[Data records]
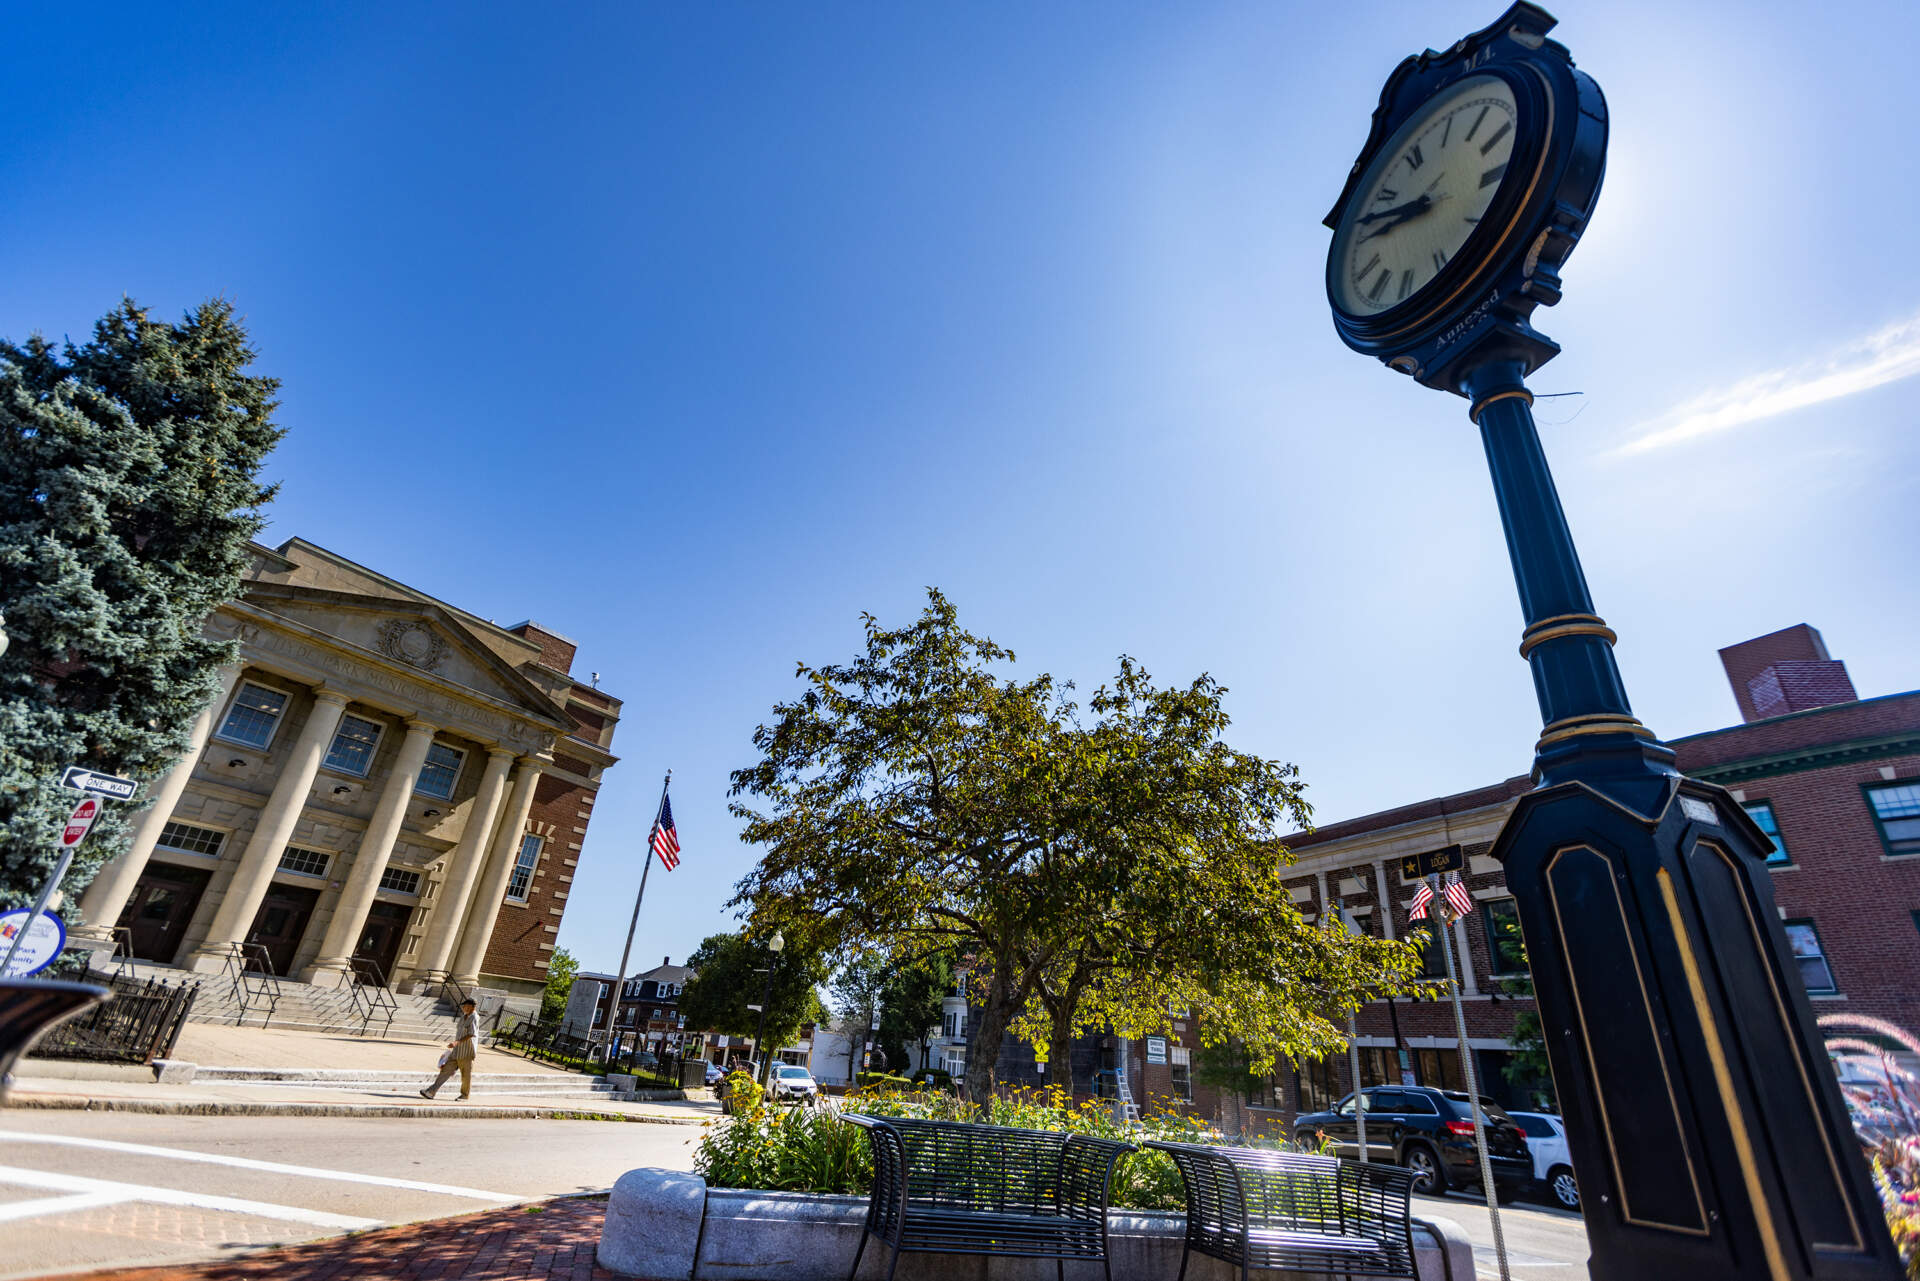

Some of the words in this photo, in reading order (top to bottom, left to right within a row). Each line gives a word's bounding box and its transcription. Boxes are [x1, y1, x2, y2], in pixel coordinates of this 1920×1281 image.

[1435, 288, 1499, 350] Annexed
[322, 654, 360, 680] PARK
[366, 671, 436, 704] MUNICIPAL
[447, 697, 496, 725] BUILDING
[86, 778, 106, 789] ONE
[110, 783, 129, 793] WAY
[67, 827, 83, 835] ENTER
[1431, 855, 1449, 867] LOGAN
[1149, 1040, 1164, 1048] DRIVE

[Task goal]
Word for word, write out the whole listing, keeping none of the pictures.

[Exercise output]
Some of the words in this photo, in reading order (top to bottom, left to right within a row). Each line gives a word's bounding box and its transcription. Boxes are [x1, y1, x2, y2], in pixel coordinates of this 1920×1281 image.

[1435, 288, 1499, 350] Annexed
[322, 654, 360, 680] PARK
[366, 671, 436, 704] MUNICIPAL
[447, 697, 496, 725] BUILDING
[86, 778, 106, 789] ONE
[110, 783, 129, 793] WAY
[67, 827, 83, 835] ENTER
[1431, 855, 1449, 867] LOGAN
[1149, 1040, 1164, 1048] DRIVE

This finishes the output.